▶ _What the task requires_: An exact repetition of the data is required; no picture should appear in it.

▶ _Information given_:
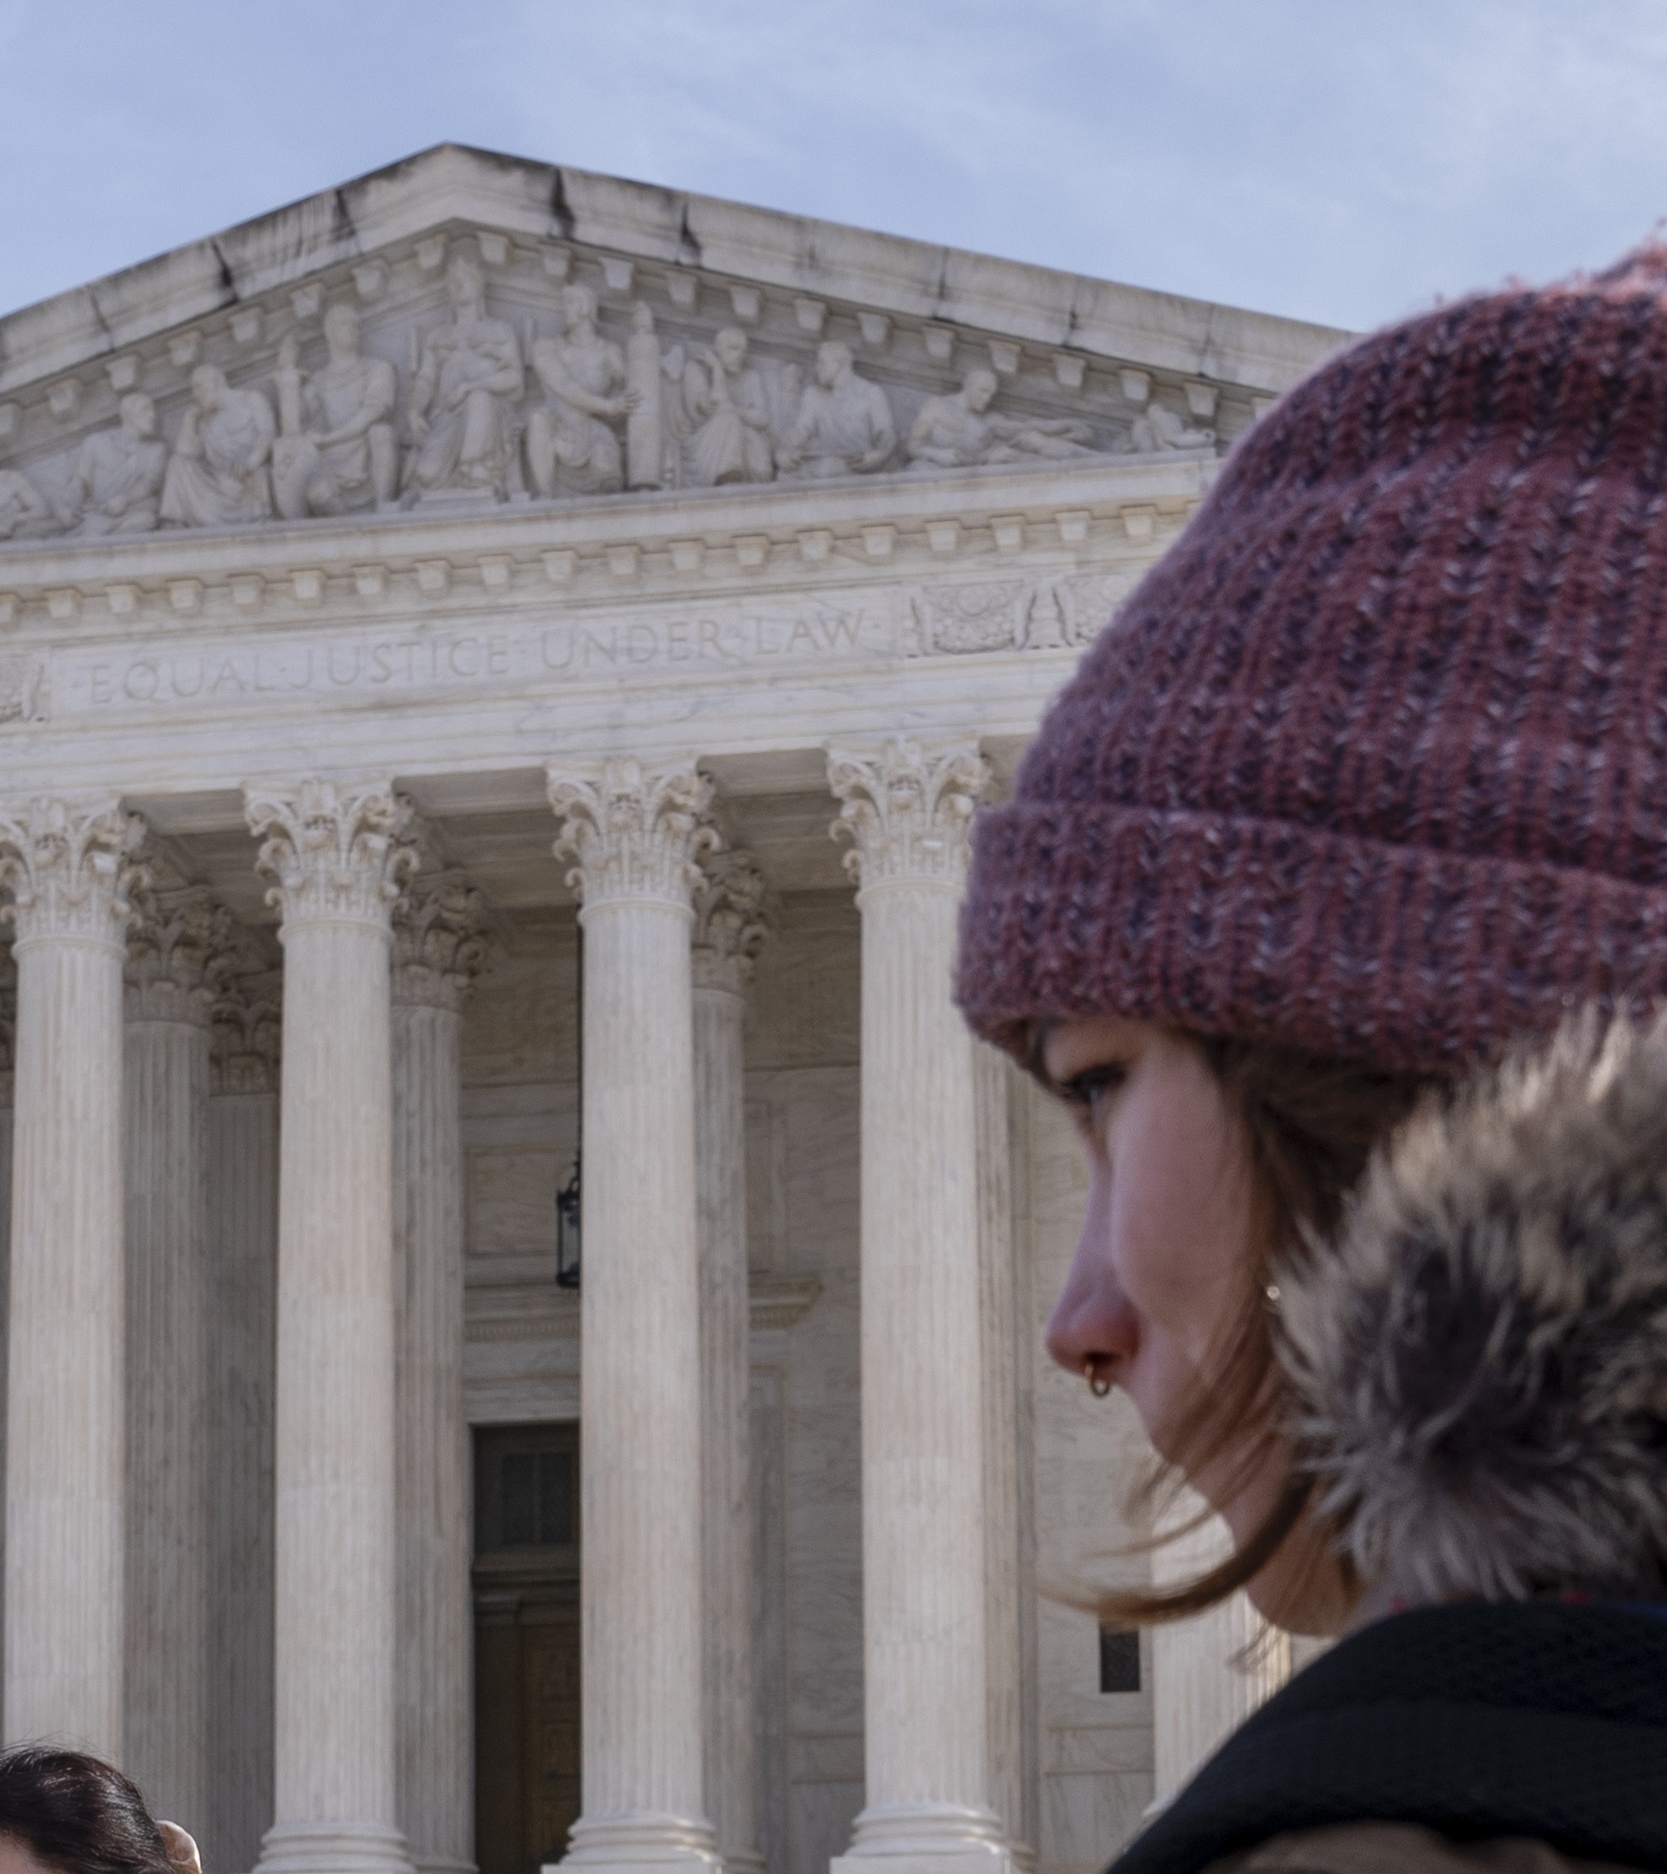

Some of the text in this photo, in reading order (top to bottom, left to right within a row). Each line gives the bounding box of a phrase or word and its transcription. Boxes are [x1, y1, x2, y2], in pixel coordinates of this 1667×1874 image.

[89, 608, 866, 705] EQUAL JUSTICE UNDER LAW
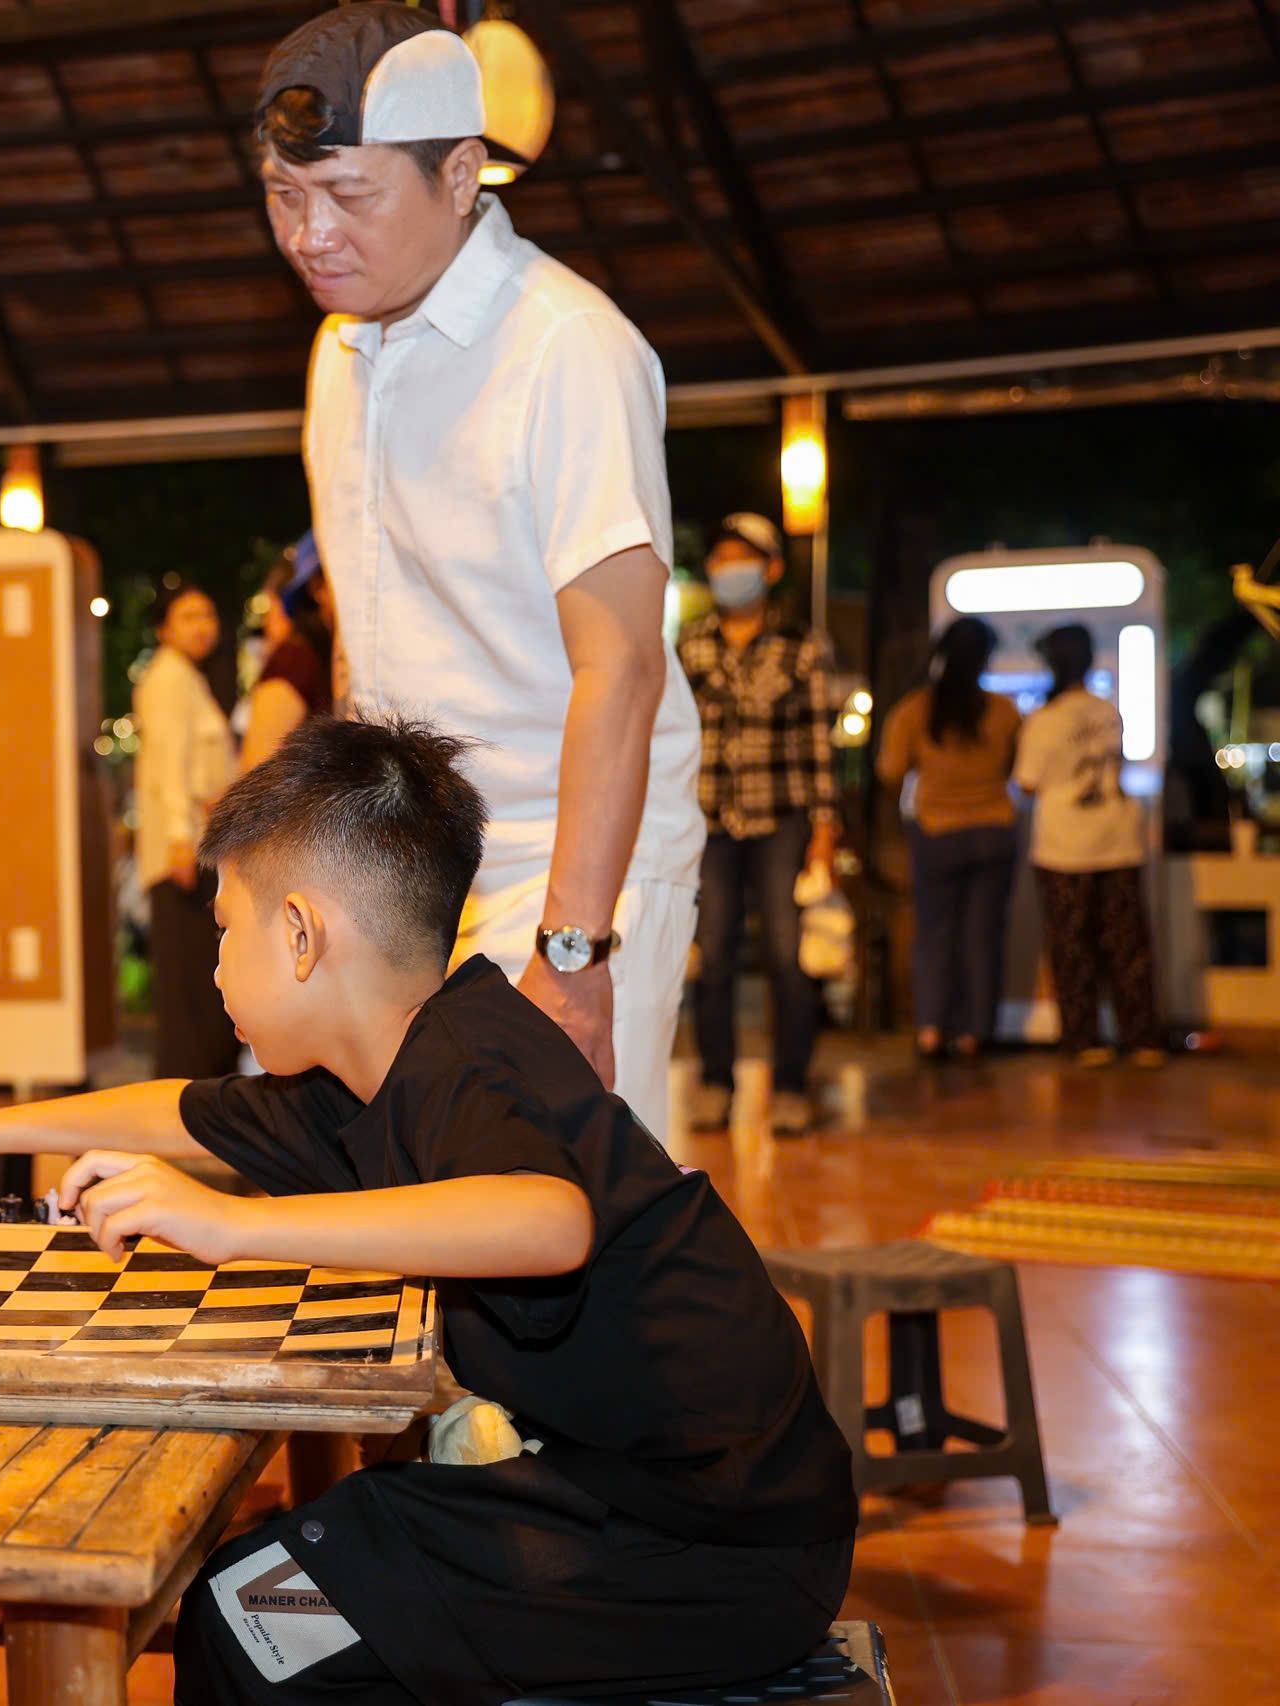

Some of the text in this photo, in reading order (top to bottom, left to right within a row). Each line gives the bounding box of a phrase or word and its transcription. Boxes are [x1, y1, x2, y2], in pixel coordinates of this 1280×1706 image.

[248, 1595, 296, 1606] MANER
[251, 1614, 285, 1665] Popular Style

▶ _Response area_:
Some of the text in this photo, in reading order (top to bottom, left to right within a row). Each line gives the bounding box of a phrase or word and its transcription. Boxes are [x1, y1, x2, y2], in pixel coordinates of this 1667×1874 image.

[89, 608, 866, 705] EQUAL JUSTICE UNDER LAW

Some of the text in this photo, in reading order (top to bottom, left to right within a row). Each line gives the bounding box of a phrase or word and its transcription. Boxes are [x1, y1, x2, y2], in pixel coordinates of this 1280×1706 image.

[248, 1595, 296, 1606] MANER
[251, 1614, 285, 1665] Popular Style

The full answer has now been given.